- **Required work**
Exclude the pictures and retype the entries as written.

- Opening Delimiter -

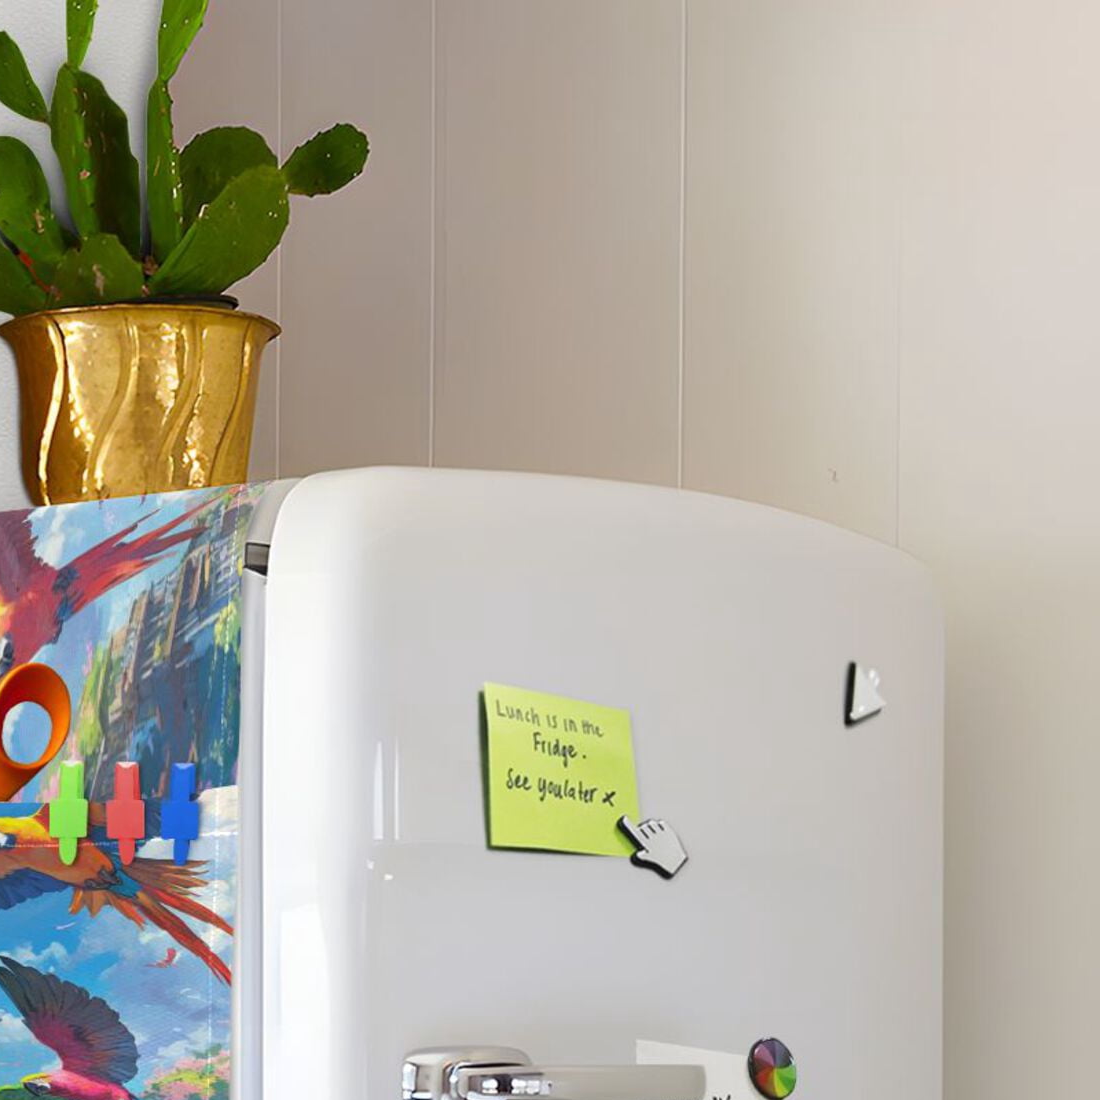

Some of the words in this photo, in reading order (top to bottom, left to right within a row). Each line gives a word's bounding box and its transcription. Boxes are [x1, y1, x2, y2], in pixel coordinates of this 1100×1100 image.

[496, 699, 540, 728] Lunch
[547, 714, 557, 729] is
[564, 717, 578, 733] in
[582, 719, 604, 738] the
[506, 767, 532, 791] See
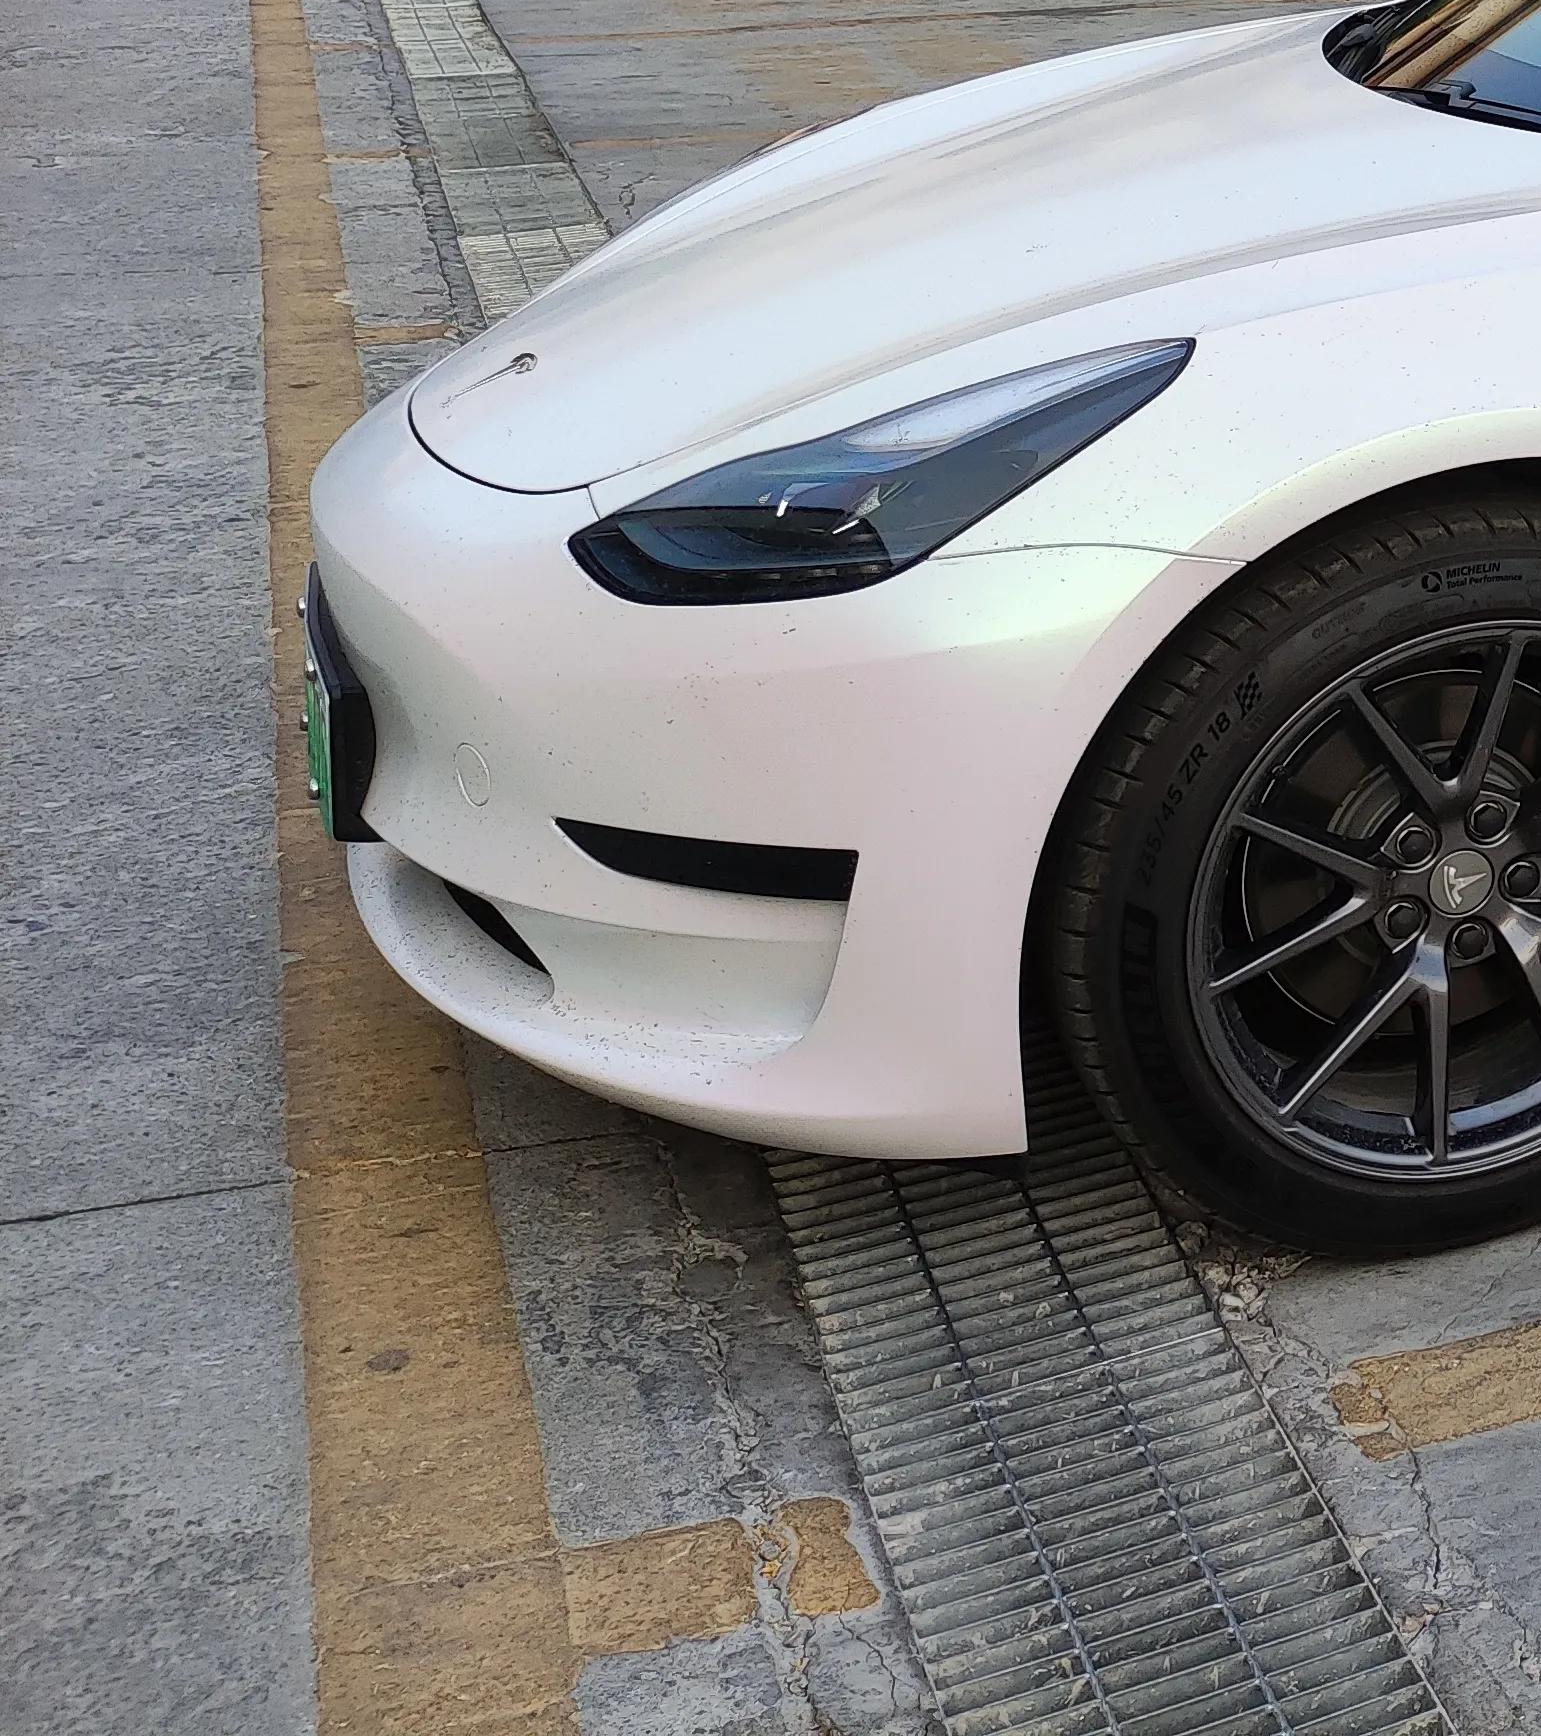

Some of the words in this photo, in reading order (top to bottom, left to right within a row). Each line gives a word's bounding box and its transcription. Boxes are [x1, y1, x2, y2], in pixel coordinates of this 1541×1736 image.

[1446, 562, 1501, 579] MICHELIN
[1447, 578, 1467, 590] Total
[1468, 574, 1522, 586] Performance
[1137, 783, 1183, 886] 235/45
[1179, 742, 1209, 785] ZR
[1206, 710, 1232, 742] 18
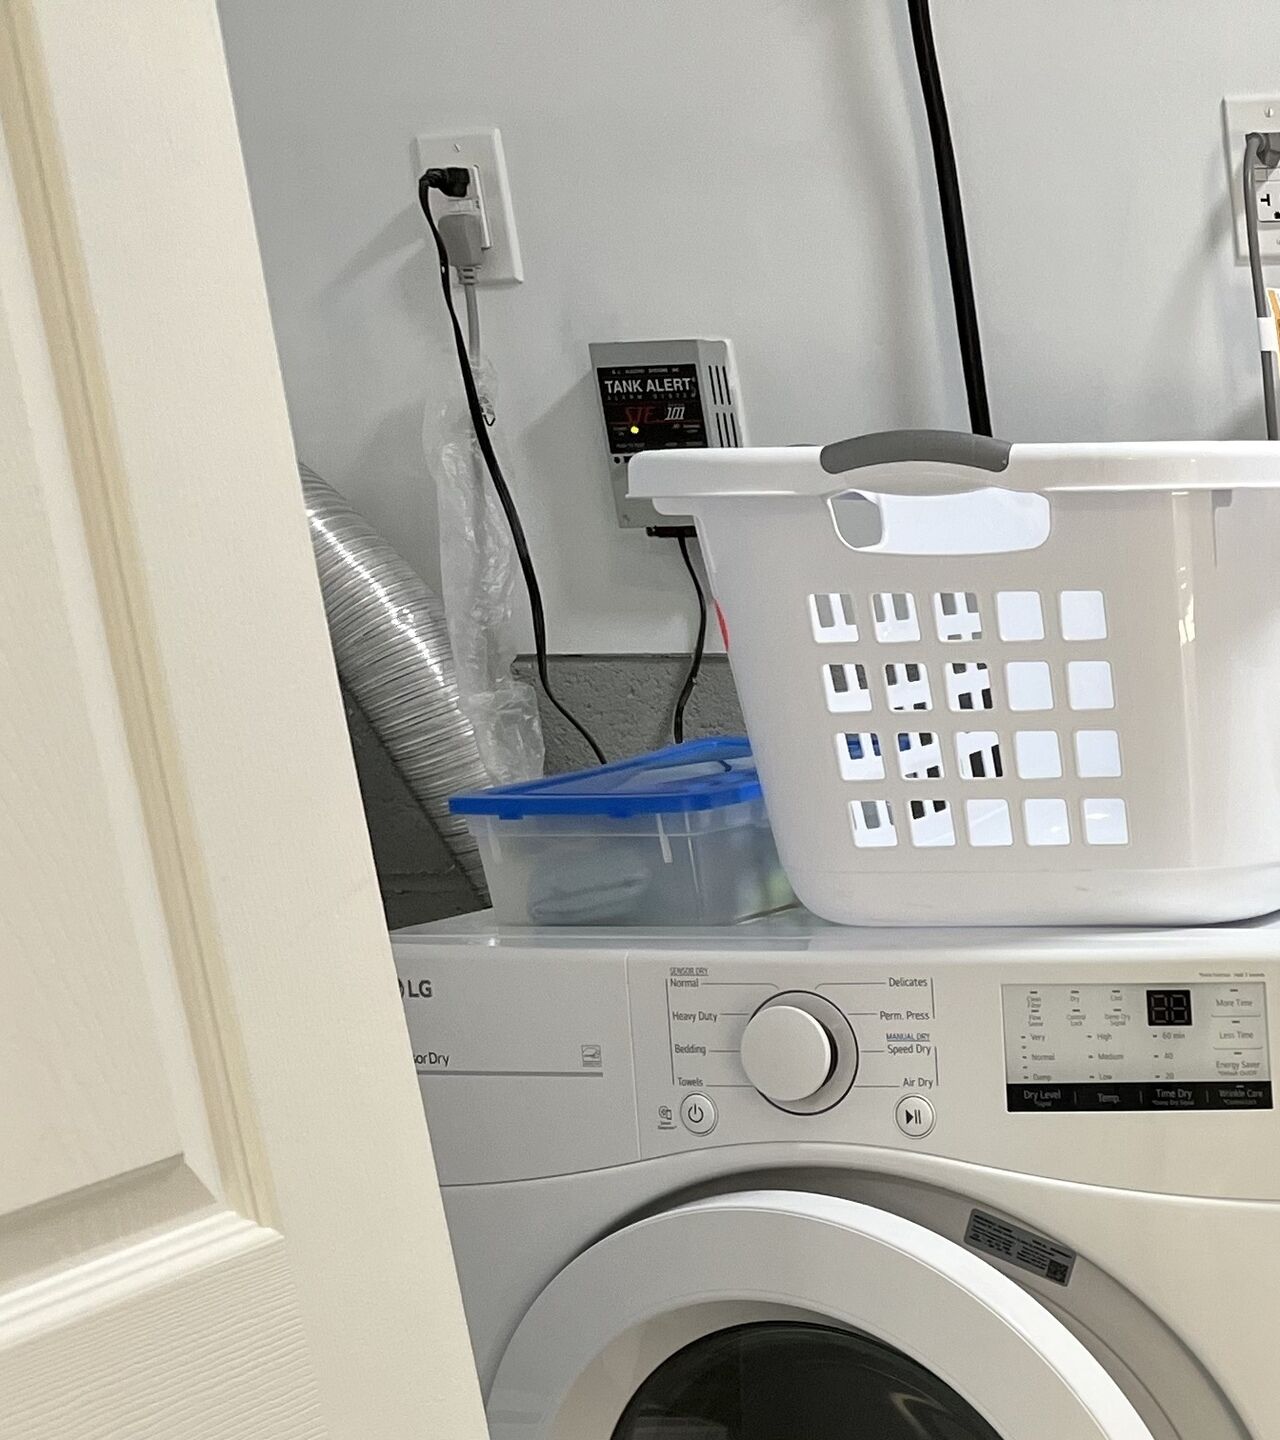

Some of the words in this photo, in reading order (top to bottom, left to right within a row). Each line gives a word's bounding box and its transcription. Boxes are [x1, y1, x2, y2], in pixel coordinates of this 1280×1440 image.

[604, 380, 643, 394] TANK
[646, 378, 691, 392] ALERT
[670, 978, 699, 988] Normal
[888, 977, 928, 987] Delicates
[408, 980, 433, 998] LG
[1216, 999, 1234, 1007] More
[1236, 998, 1253, 1007] Time
[672, 1011, 697, 1023] Heavy
[698, 1011, 718, 1023] Duty
[880, 1010, 904, 1021] Perm.
[906, 1010, 930, 1021] Press
[886, 1033, 915, 1041] MANUAL
[916, 1033, 931, 1041] DRY
[1162, 1032, 1172, 1040] 60
[1237, 1031, 1254, 1039] Time
[674, 1044, 707, 1056] Bedding
[887, 1044, 914, 1056] Speed
[915, 1043, 932, 1056] Dry
[1216, 1061, 1240, 1070] Energy
[1241, 1060, 1261, 1069] Saver
[678, 1076, 704, 1087] Towels
[903, 1077, 916, 1087] Air
[917, 1077, 933, 1090] Dry
[1023, 1090, 1038, 1101] Dry
[1040, 1088, 1061, 1100] Level
[1156, 1089, 1176, 1098] Time
[1177, 1089, 1193, 1100] Dry

- Closing Delimiter -

- **Solution for this problem**
Some of the words in this photo, in reading order (top to bottom, left to right within a row). Each line gives a word's bounding box and its transcription. Boxes are [x1, y1, x2, y2], in pixel coordinates of this 1100×1100 image.

[496, 699, 540, 728] Lunch
[547, 714, 557, 729] is
[564, 717, 578, 733] in
[582, 719, 604, 738] the
[506, 767, 532, 791] See

Some of the words in this photo, in reading order (top to bottom, left to right within a row). Each line gives a word's bounding box and its transcription. Boxes are [x1, y1, x2, y2], in pixel coordinates of this 1541×1736 image.

[1446, 562, 1501, 579] MICHELIN
[1447, 578, 1467, 590] Total
[1468, 574, 1522, 586] Performance
[1137, 783, 1183, 886] 235/45
[1179, 742, 1209, 785] ZR
[1206, 710, 1232, 742] 18

Some of the words in this photo, in reading order (top to bottom, left to right within a row). Each line gives a word's bounding box and its transcription. Boxes are [x1, y1, x2, y2], in pixel coordinates of this 1280×1440 image.

[604, 380, 643, 394] TANK
[646, 378, 691, 392] ALERT
[670, 978, 699, 988] Normal
[888, 977, 928, 987] Delicates
[408, 980, 433, 998] LG
[1216, 999, 1234, 1007] More
[1236, 998, 1253, 1007] Time
[672, 1011, 697, 1023] Heavy
[698, 1011, 718, 1023] Duty
[880, 1010, 904, 1021] Perm.
[906, 1010, 930, 1021] Press
[886, 1033, 915, 1041] MANUAL
[916, 1033, 931, 1041] DRY
[1162, 1032, 1172, 1040] 60
[1237, 1031, 1254, 1039] Time
[674, 1044, 707, 1056] Bedding
[887, 1044, 914, 1056] Speed
[915, 1043, 932, 1056] Dry
[1216, 1061, 1240, 1070] Energy
[1241, 1060, 1261, 1069] Saver
[678, 1076, 704, 1087] Towels
[903, 1077, 916, 1087] Air
[917, 1077, 933, 1090] Dry
[1023, 1090, 1038, 1101] Dry
[1040, 1088, 1061, 1100] Level
[1156, 1089, 1176, 1098] Time
[1177, 1089, 1193, 1100] Dry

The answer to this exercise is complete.